As we add audio/video input (#1266), the image egress path — read the whole file, inline base64 every turn (#1296) — must not be extended to them. It doesn't match how multimodal models actually ingest audio and video, and it doesn't survive the file sizes involved. This issue is to settle the egress model before building.

How these models actually consume audio and video

Worth being precise, because it dictates the design:

  • Audio. Native audio-capable models tokenize the audio directly into audio tokens. You send the audio bytes — via a provider file/upload API, or base64 for short clips — and the model does the rest. Transcribing to text first is a lossy fallback for text-only models, not the native path: it discards prosody, speaker turns, overlapping speech, laughter, background sound. So the design should send audio to audio-capable models as audio, and only fall back to transcription when the active model genuinely can't take audio input.
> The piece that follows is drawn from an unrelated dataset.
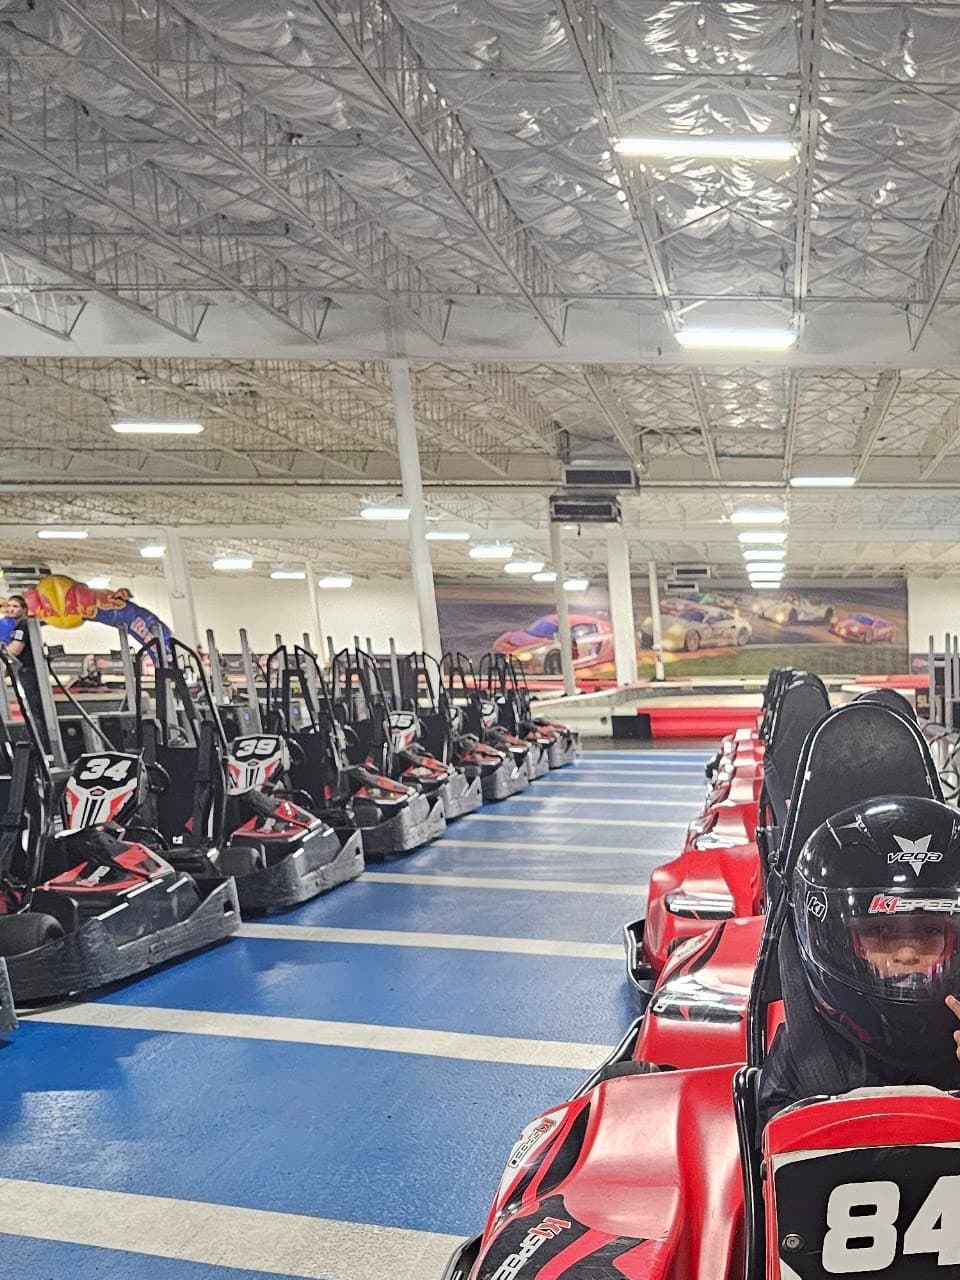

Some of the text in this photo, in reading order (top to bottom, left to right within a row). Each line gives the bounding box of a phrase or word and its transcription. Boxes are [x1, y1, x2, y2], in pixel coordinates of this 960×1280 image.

[236, 738, 277, 757] 39
[79, 758, 132, 782] 34
[887, 850, 944, 864] vega
  • Video. Models consume video as sampled frames plus the audio track — nobody feeds a raw H.264/H.265 bitstream into the transformer. Either the provider samples server-side (upload via a file API, the model samples at roughly ~1 fps) or the client extracts keyframes and sends them as images, with the audio handled as audio. "Keyframe extraction" isn't a workaround; it's how video understanding works.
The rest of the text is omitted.